> [INSTRUCTIONS FOR THE TASK]: Repeat, word for word, each of the records shown below, without their pictures.

(Free-text object descriptions)
=== Section Start ===

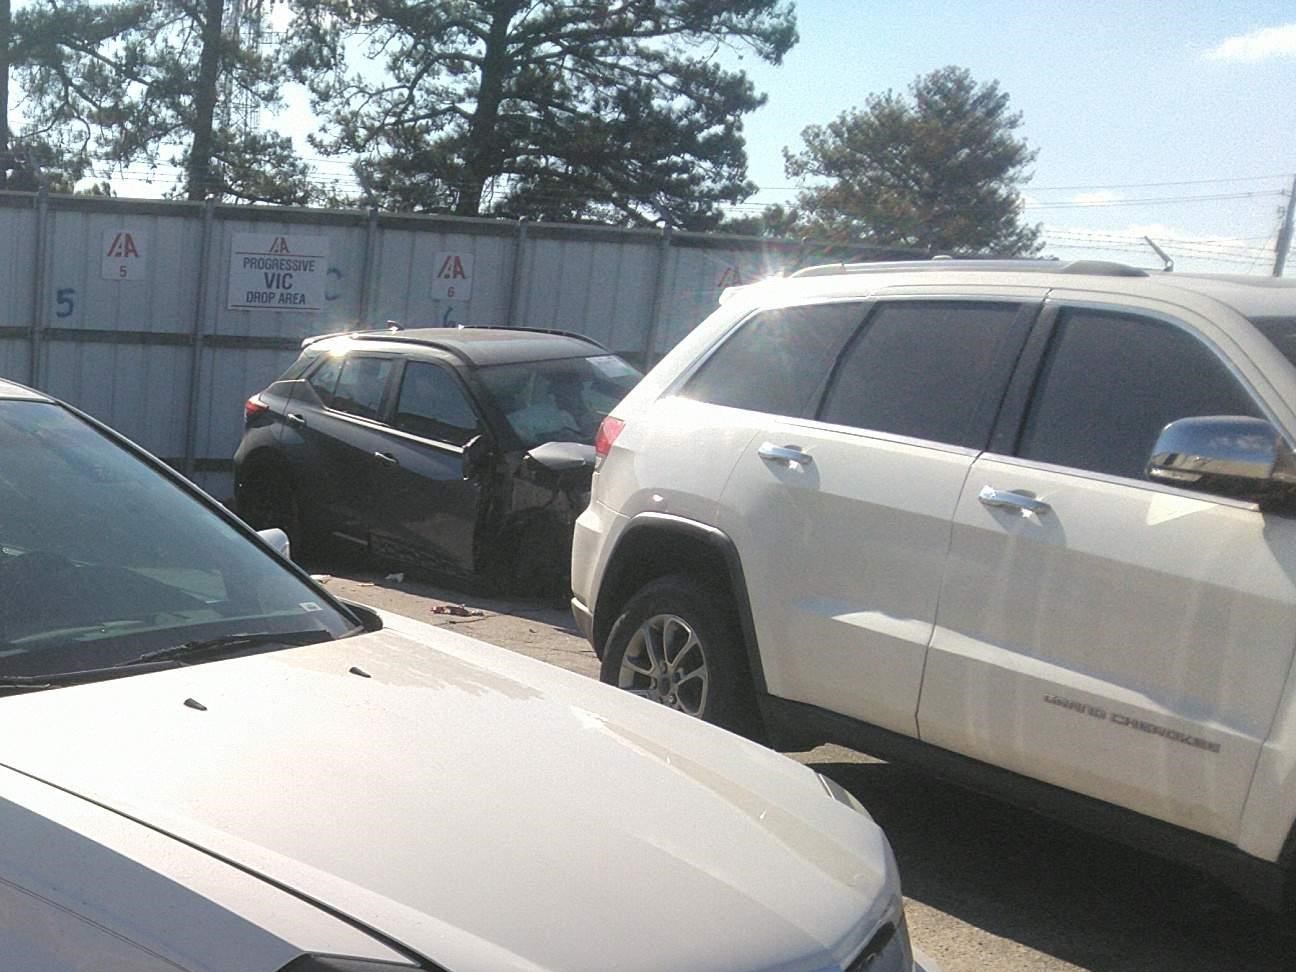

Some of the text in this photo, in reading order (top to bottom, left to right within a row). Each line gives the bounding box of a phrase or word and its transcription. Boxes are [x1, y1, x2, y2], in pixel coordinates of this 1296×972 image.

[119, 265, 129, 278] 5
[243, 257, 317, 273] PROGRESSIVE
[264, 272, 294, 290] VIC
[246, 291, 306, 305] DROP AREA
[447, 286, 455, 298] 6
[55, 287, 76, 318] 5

=== Section End ===

> [EXERCISE ANSWER]:
Some of the text in this photo, in reading order (top to bottom, left to right within a row). Each line gives the bounding box of a phrase or word and its transcription. Boxes are [x1, y1, x2, y2], in pixel coordinates of this 1296×972 image.

[119, 265, 129, 278] 5
[243, 257, 317, 273] PROGRESSIVE
[264, 272, 294, 290] VIC
[246, 291, 306, 305] DROP AREA
[447, 286, 455, 298] 6
[55, 287, 76, 318] 5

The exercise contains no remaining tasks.